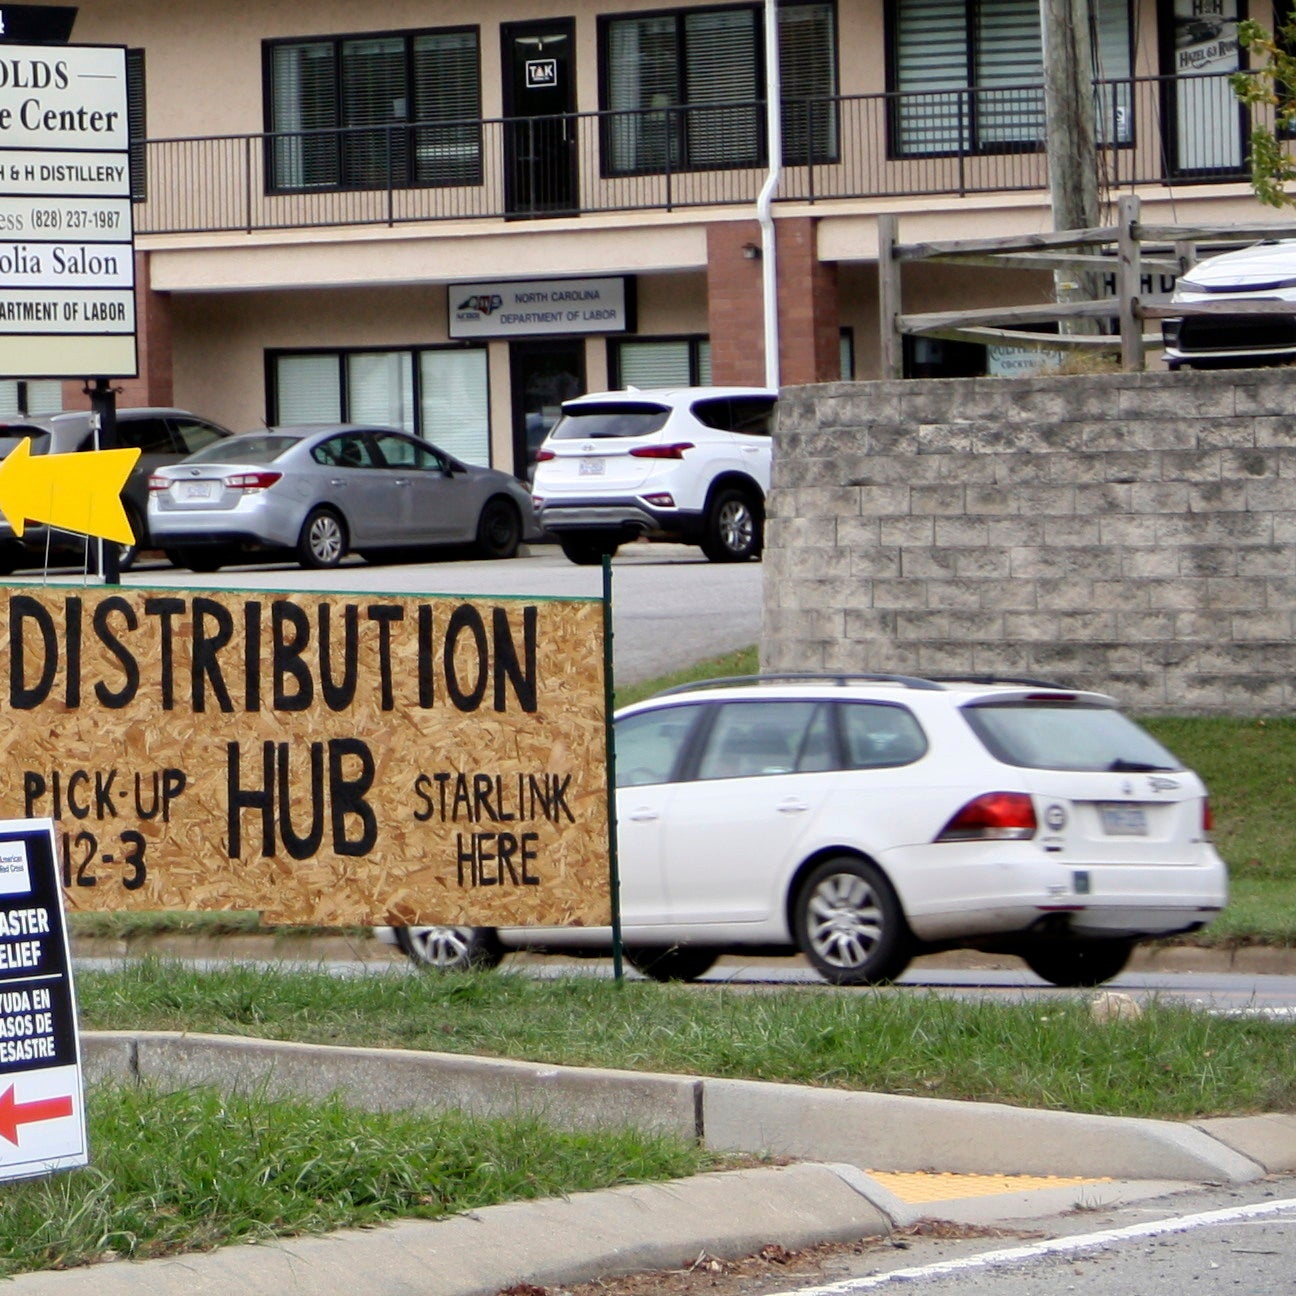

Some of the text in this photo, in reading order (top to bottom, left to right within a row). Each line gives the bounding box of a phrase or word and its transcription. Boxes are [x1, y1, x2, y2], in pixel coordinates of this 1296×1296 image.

[19, 98, 119, 132] Center
[10, 165, 20, 181] &
[24, 165, 35, 181] H
[39, 165, 125, 183] DISTILLERY
[30, 208, 62, 230] (828)
[66, 210, 121, 229] 237-1987
[52, 247, 119, 276] Salon
[551, 290, 600, 302] CAROLINA
[63, 303, 78, 321] OF
[83, 303, 126, 321] LABOR
[500, 311, 563, 324] DEPARTMENT
[583, 309, 617, 321] LABOR
[9, 595, 538, 713] DISTRIBUTION
[23, 768, 187, 822] PICK-UP
[226, 738, 378, 860] HUB
[413, 773, 576, 823] STARLINK
[63, 831, 148, 890] 12-3
[456, 832, 540, 887] HERE
[33, 988, 51, 1009] EN
[36, 1012, 53, 1033] DE
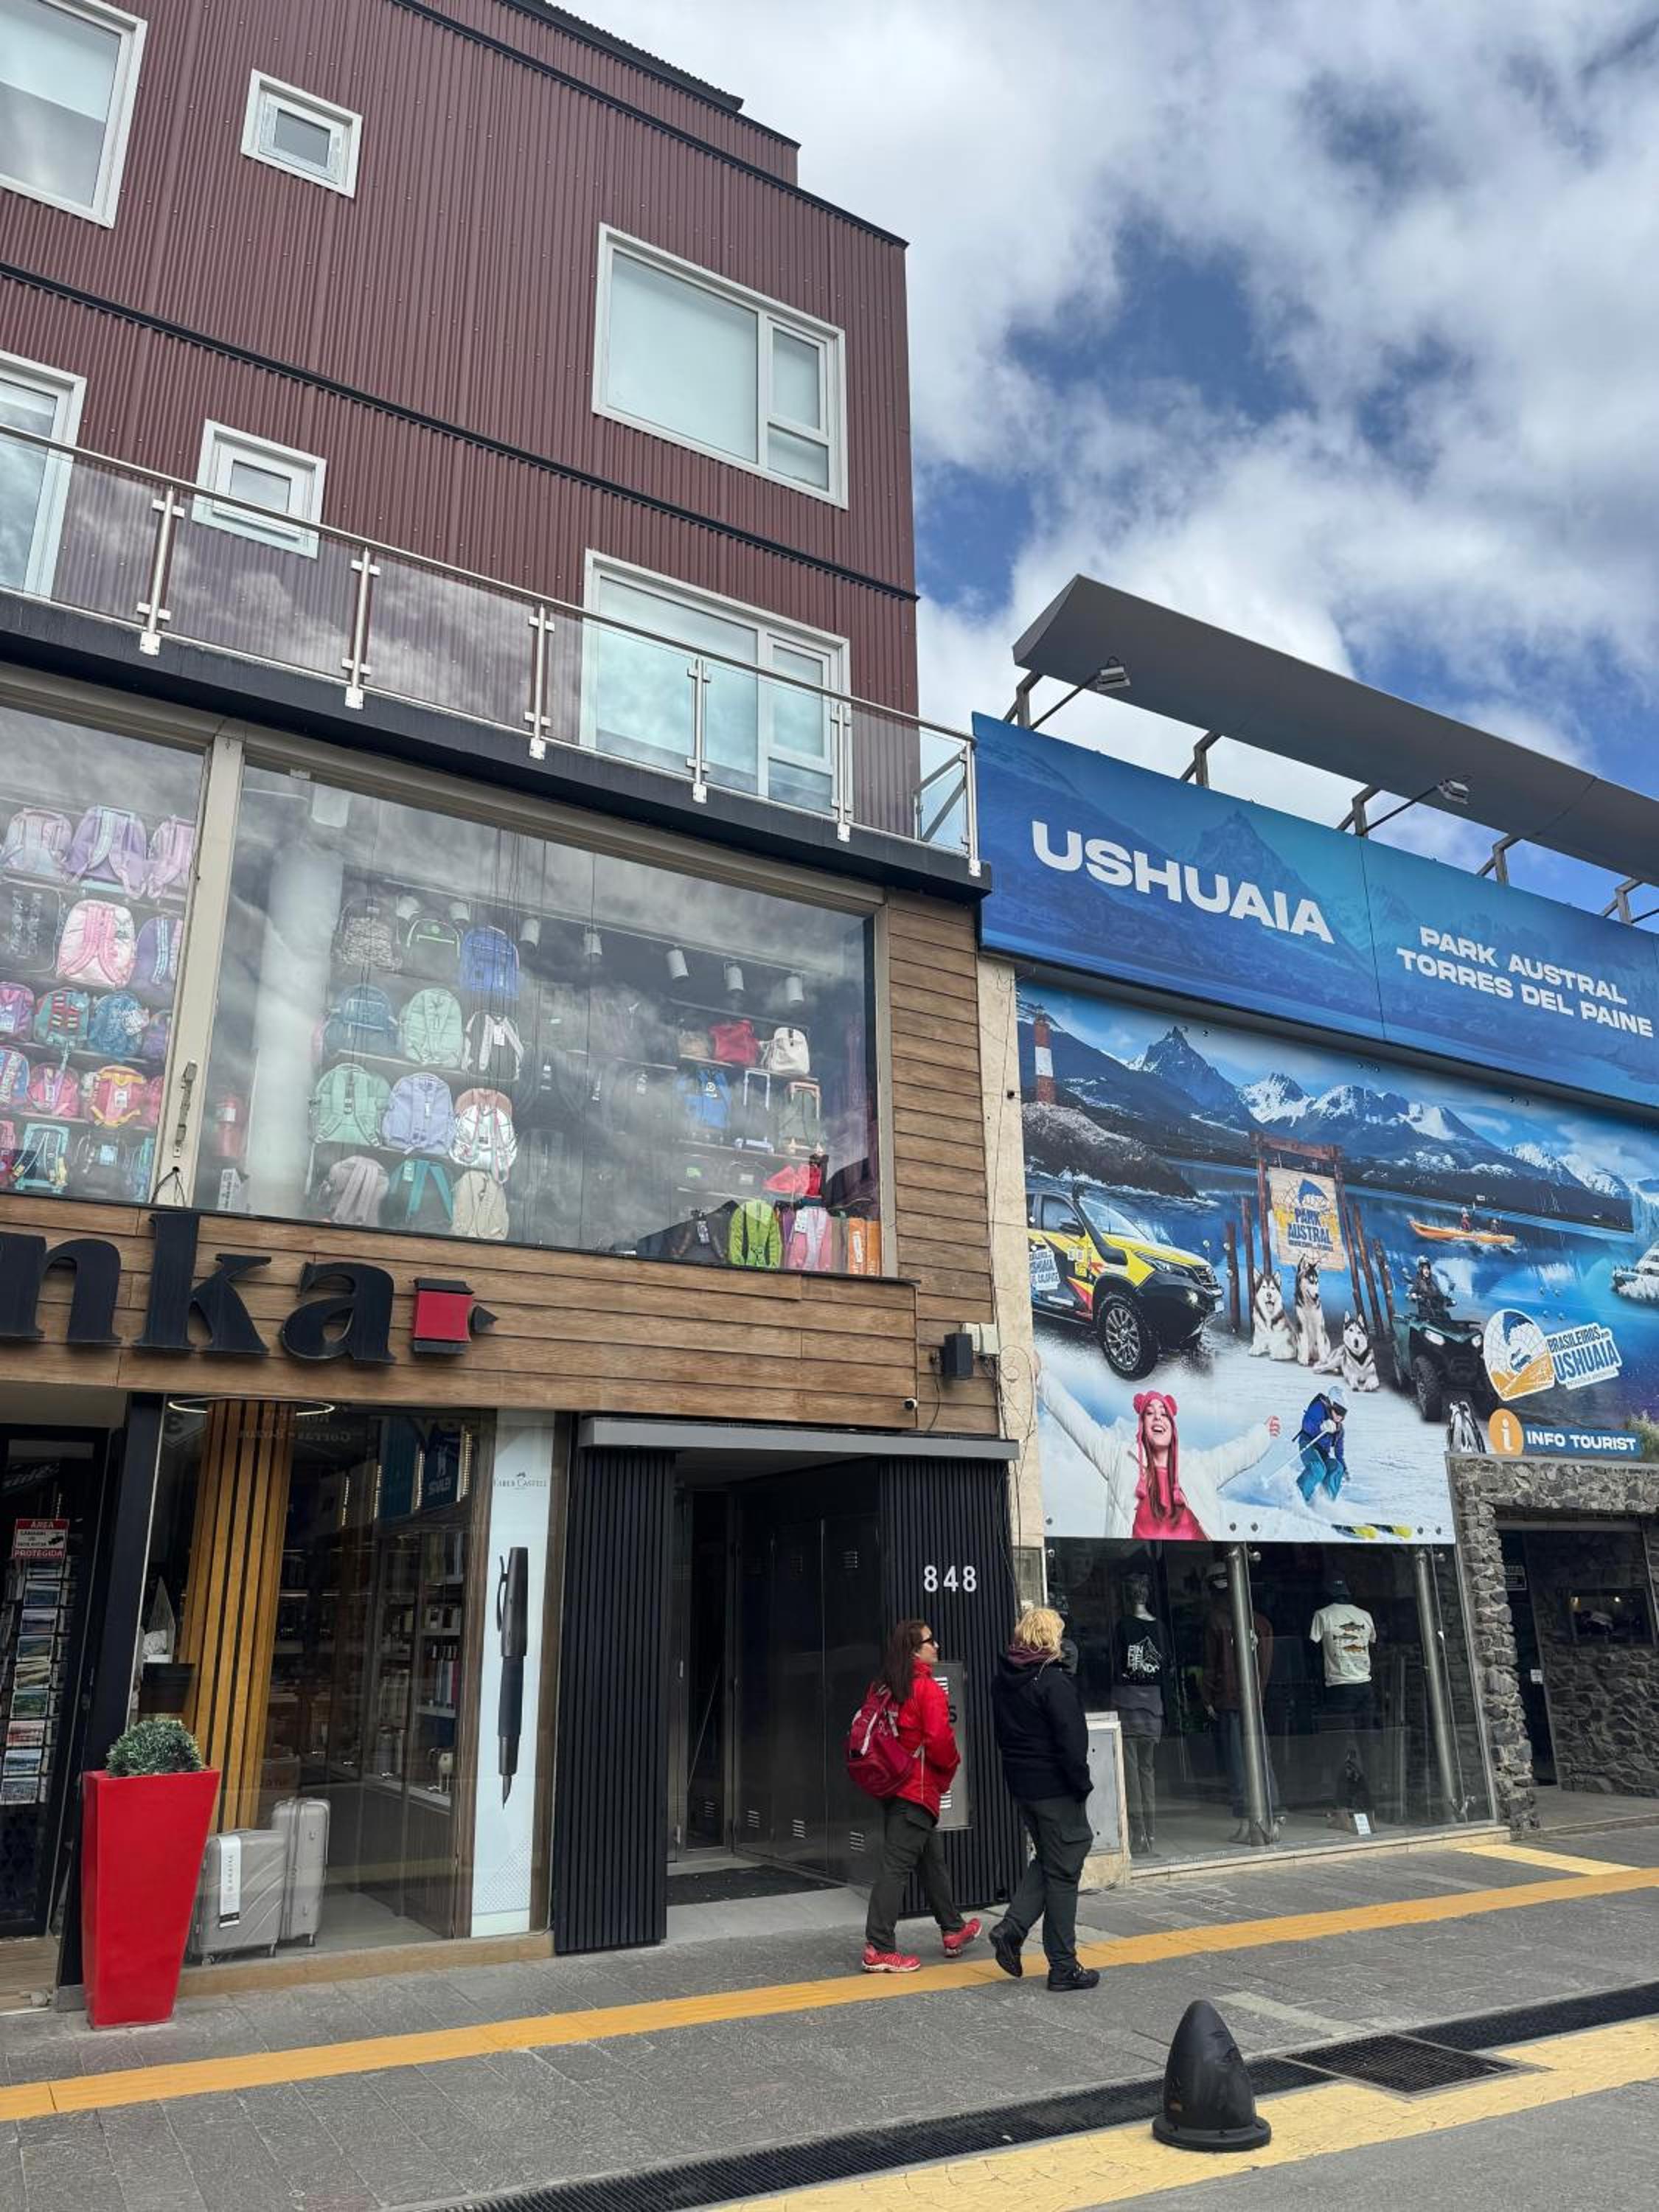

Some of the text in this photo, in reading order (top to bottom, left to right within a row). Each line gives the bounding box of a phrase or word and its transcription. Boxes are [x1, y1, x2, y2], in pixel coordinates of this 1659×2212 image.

[1032, 821, 1335, 944] USHUAIA
[1419, 926, 1627, 1005] PARK AUSTRAL
[1397, 947, 1654, 1038] TORRES DEL PAINE
[1294, 1207, 1321, 1227] PARK
[1287, 1222, 1333, 1245] AUSTRAL
[1546, 1325, 1601, 1353] BRASILEIROS
[1552, 1339, 1620, 1381] USHUAIA
[1526, 1430, 1636, 1451] INFO TOURIST
[14, 1549, 63, 1558] PROTEGIDA
[924, 1565, 977, 1593] 848
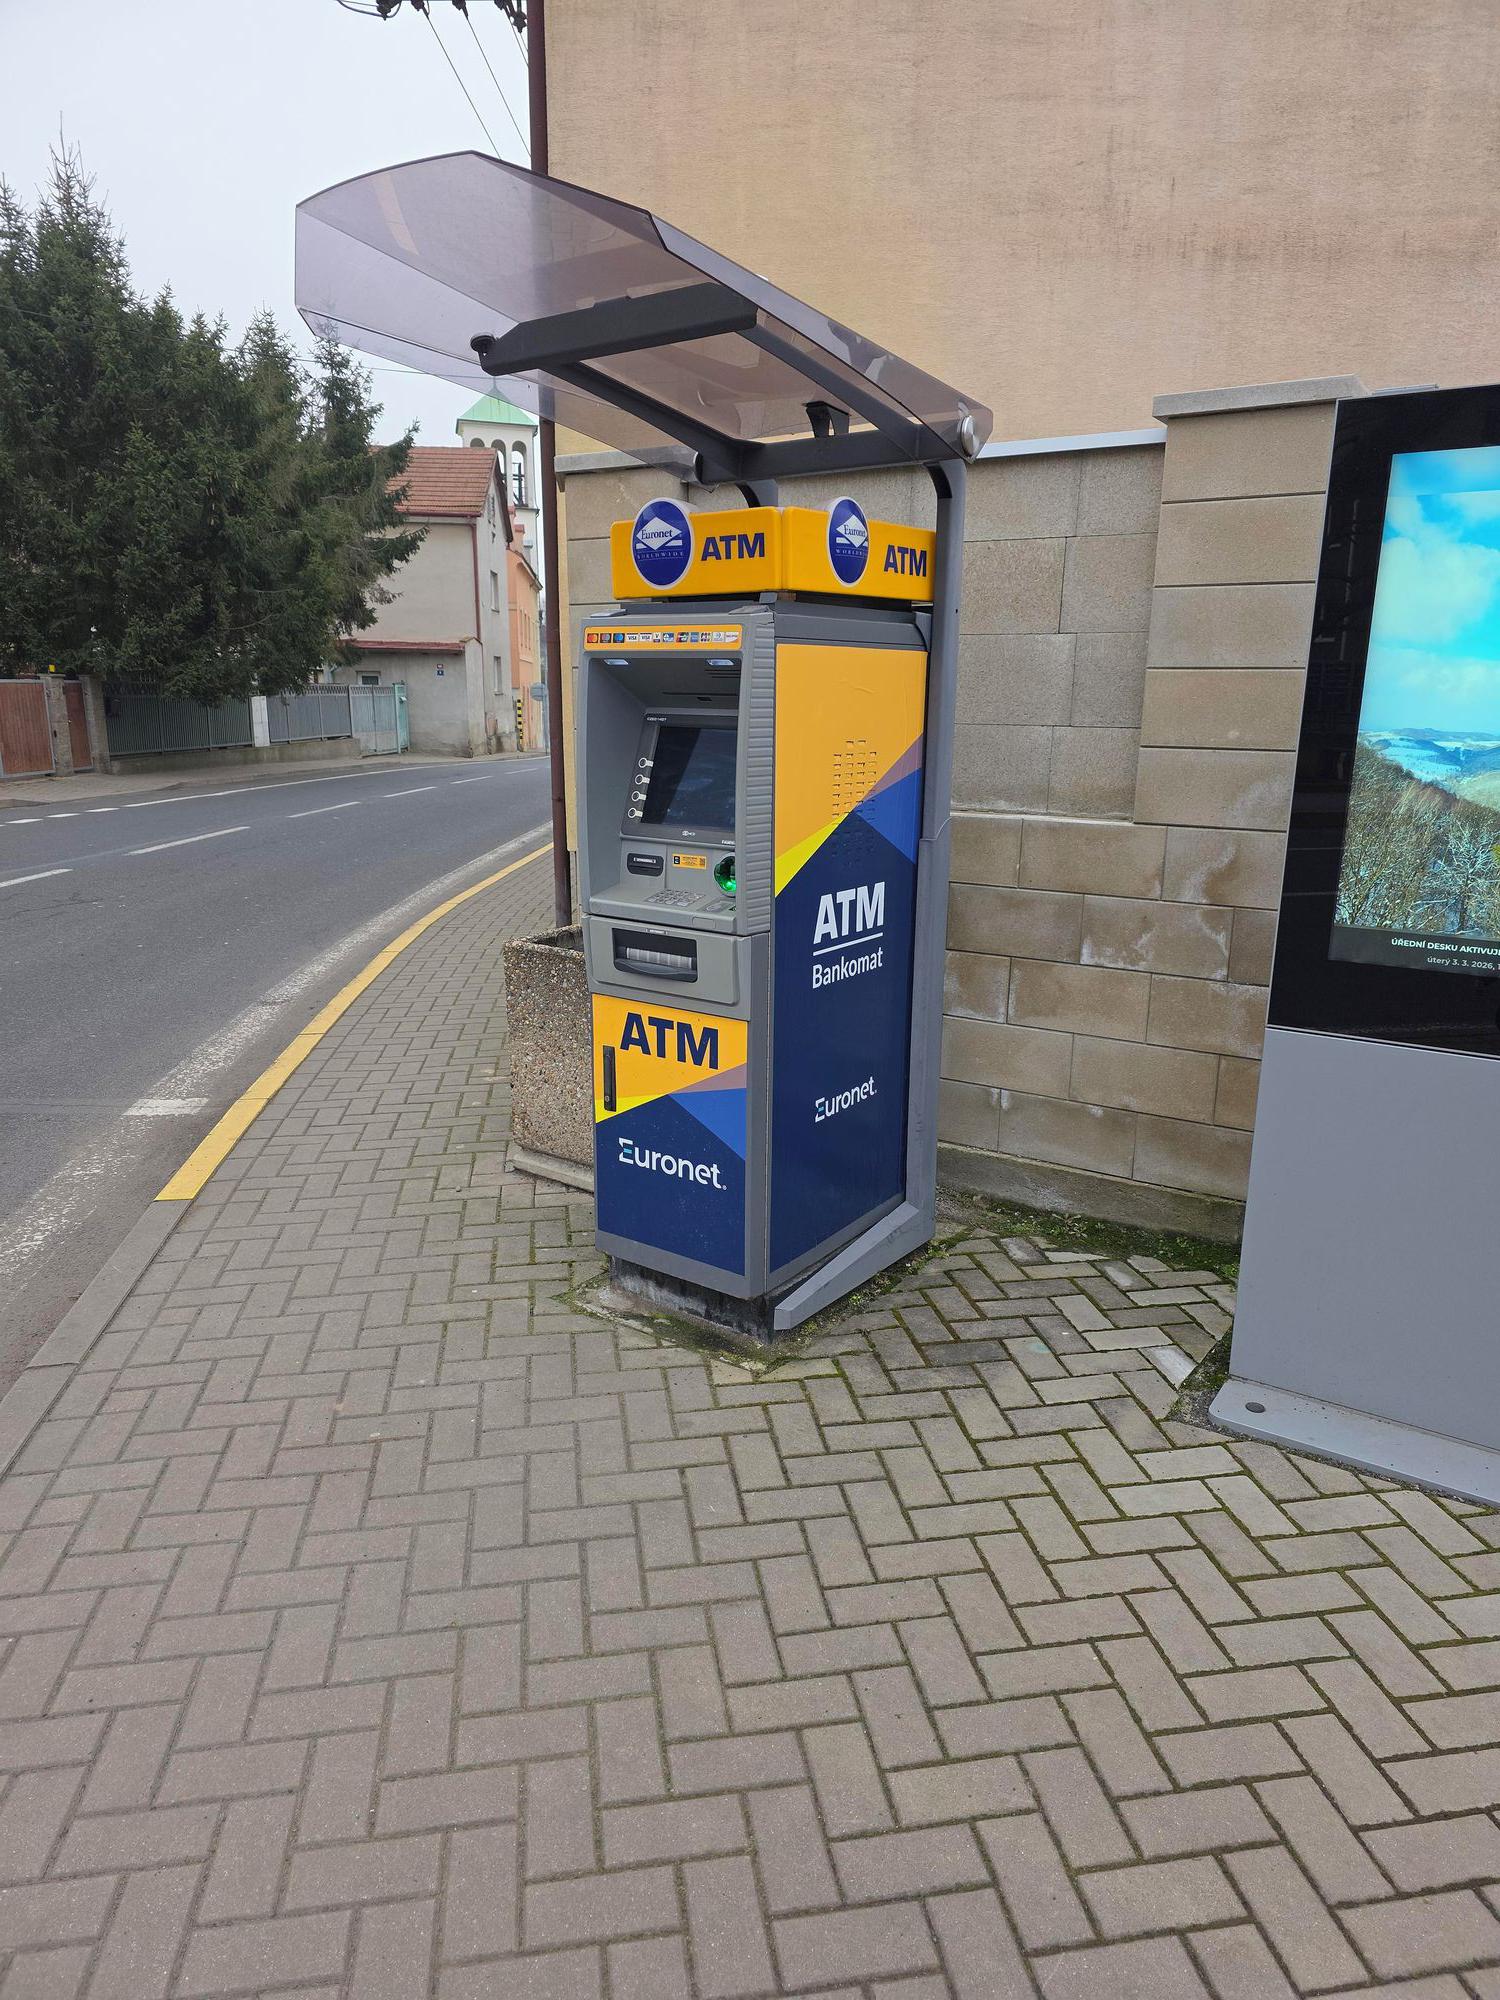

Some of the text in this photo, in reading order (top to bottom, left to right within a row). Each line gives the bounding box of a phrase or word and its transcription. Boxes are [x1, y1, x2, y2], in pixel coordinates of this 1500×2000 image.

* **What you should do**:
Write out each entry exactly as given, but skip the pictures.

* **Expected output**:
Some of the text in this photo, in reading order (top to bottom, left to right within a row). Each line gives the bounding box of a phrase or word and its transcription. Boxes are [x1, y1, x2, y2], in pixel coordinates of this 1296×1296 image.

[19, 98, 119, 132] Center
[10, 165, 20, 181] &
[24, 165, 35, 181] H
[39, 165, 125, 183] DISTILLERY
[30, 208, 62, 230] (828)
[66, 210, 121, 229] 237-1987
[52, 247, 119, 276] Salon
[551, 290, 600, 302] CAROLINA
[63, 303, 78, 321] OF
[83, 303, 126, 321] LABOR
[500, 311, 563, 324] DEPARTMENT
[583, 309, 617, 321] LABOR
[9, 595, 538, 713] DISTRIBUTION
[23, 768, 187, 822] PICK-UP
[226, 738, 378, 860] HUB
[413, 773, 576, 823] STARLINK
[63, 831, 148, 890] 12-3
[456, 832, 540, 887] HERE
[33, 988, 51, 1009] EN
[36, 1012, 53, 1033] DE

Some of the text in this photo, in reading order (top to bottom, left to right within a row). Each line gives the bounding box of a phrase or word and its transcription. Boxes are [x1, y1, x2, y2], in pixel coordinates of this 1659×2212 image.

[1032, 821, 1335, 944] USHUAIA
[1419, 926, 1627, 1005] PARK AUSTRAL
[1397, 947, 1654, 1038] TORRES DEL PAINE
[1294, 1207, 1321, 1227] PARK
[1287, 1222, 1333, 1245] AUSTRAL
[1546, 1325, 1601, 1353] BRASILEIROS
[1552, 1339, 1620, 1381] USHUAIA
[1526, 1430, 1636, 1451] INFO TOURIST
[14, 1549, 63, 1558] PROTEGIDA
[924, 1565, 977, 1593] 848

Some of the text in this photo, in reading order (top to bottom, left to right within a row). Each line gives the bounding box of a phrase or word and its transcription. Boxes are [x1, y1, x2, y2], in pixel coordinates of this 1500×2000 image.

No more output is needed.